Senior Manager – Information Security
Primary Responsibility:
- Ensuring implantation and compliance to company information security policies (ISO 27001), associated regulations and standards
- Facilitate external audit, SAS 70 reviews, rating agency reviews and customer audits, and actively project-manage the remediation of audit findings
Performance Parameters:
- Maturity of Informatin Security
- Compliance to Information Security policies, standards and processes
- Security incident management
- Client relationship management (facilitate external audits, SOX / SAS 70 reviews, rating agency reviews and customer audits)
Responsibilities:
- Serve as internal information security consultant to the organization.

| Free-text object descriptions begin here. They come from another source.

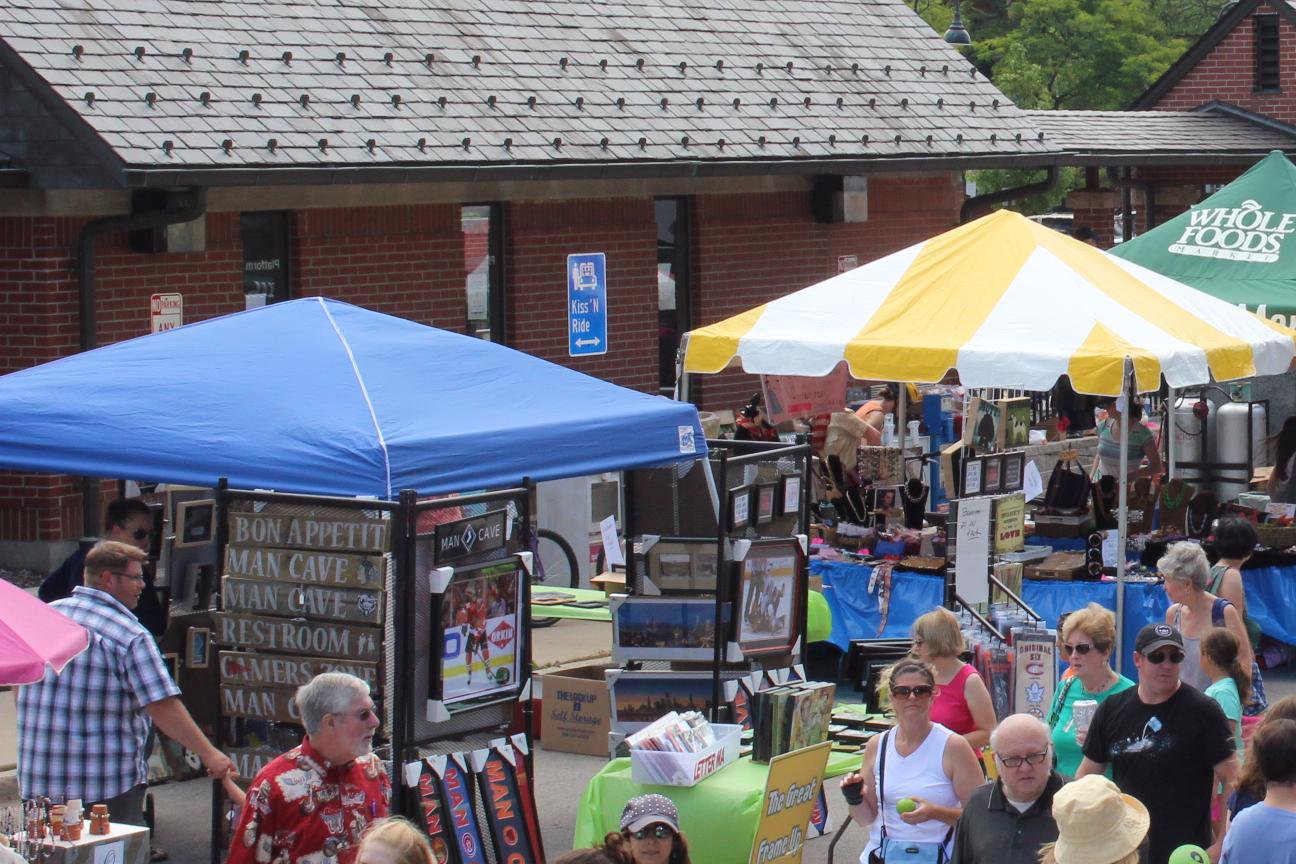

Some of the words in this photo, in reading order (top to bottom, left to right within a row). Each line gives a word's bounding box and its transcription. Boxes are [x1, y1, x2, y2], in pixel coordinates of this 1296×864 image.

[1176, 226, 1285, 254] FOODS
[572, 299, 589, 314] Kiss
[572, 318, 590, 333] Ride
[235, 517, 281, 543] BON
[287, 519, 385, 549] APPETIT
[441, 535, 460, 550] MAN
[478, 524, 500, 541] CAVE
[229, 548, 280, 577] MAN
[289, 553, 349, 583] CAVE
[225, 583, 279, 610] MAN
[287, 587, 347, 618] CAVE
[222, 618, 350, 654] RESTROOM
[224, 688, 276, 716] MAN
[693, 755, 716, 781] LETTER
[419, 773, 443, 835] MAN
[444, 768, 470, 828] MAN
[486, 760, 515, 820] MAN
[767, 789, 785, 816] The
[785, 777, 817, 808] Great
[758, 838, 789, 864] Frame
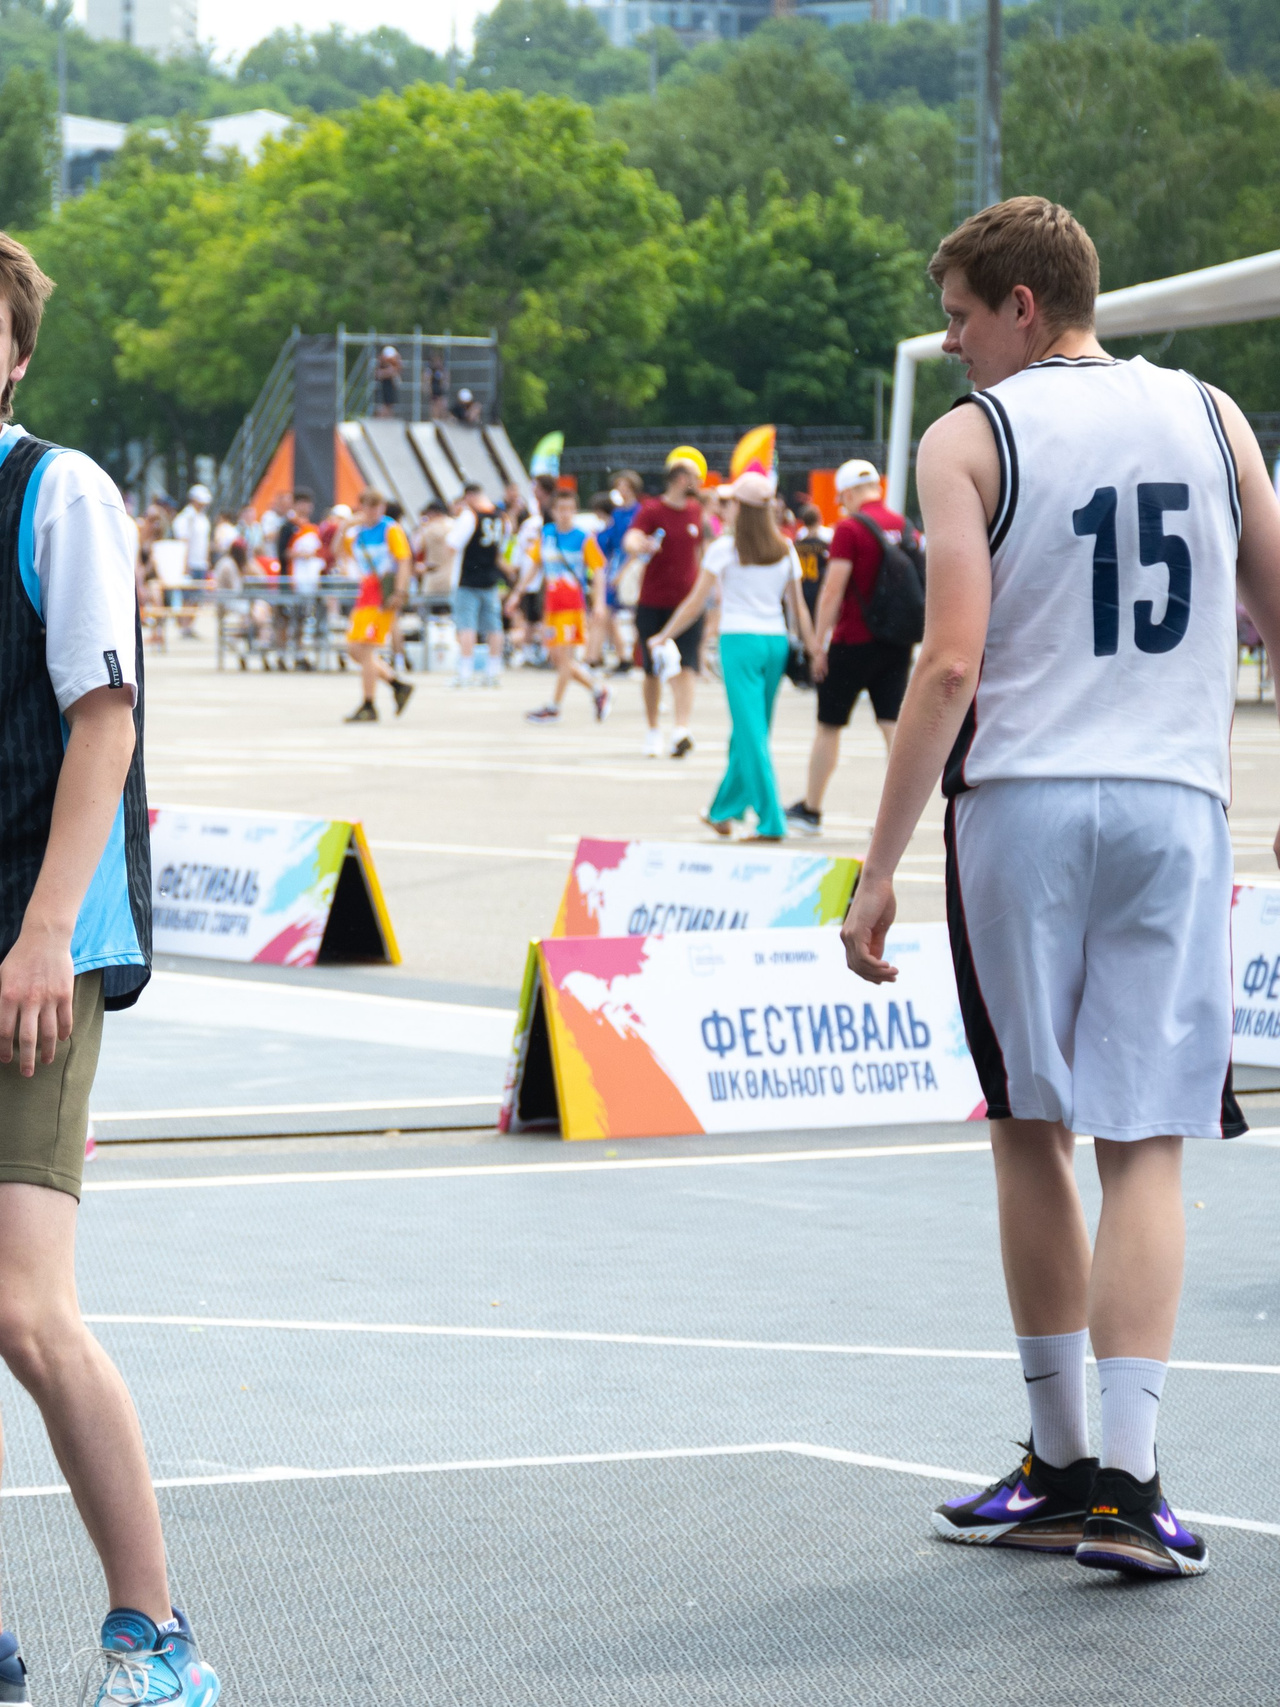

- Responsible for security planning and effectively managing information security risks within the operating environment
- Define information security policies, standards and processes for the organization·
- Implement, manage and report on adherence to information security policies & standards·
- Conduct and also perform reviews of overall information security risk assessments and associated activities including threat & vulnerability analysis, risk identification and review / approve security plans·
- Identify, and report any gaps and issues in risk assessment, risk mitigation, control implementation, testing and monitoring and updating processes·
- Facilitate external audits, SAS 70 reviews, rating agency reviews and customer audits, and actively project-manage the remediation of audit findings·
- Understand Corporate Incident Management process and requirements, and in the event of an incident work closely with corporate security teams·
- Provide direct training and oversight to all employees, affiliate marketing partners, alliances, or other third parties, ensuring proper information security clearance in accordance with established organizational information security policies and processes·
- Initiate, facilitate, and promote activities to create information security awareness within the organization
Qualifications:
- Minimum Graduation (Science and Engineering Background Only)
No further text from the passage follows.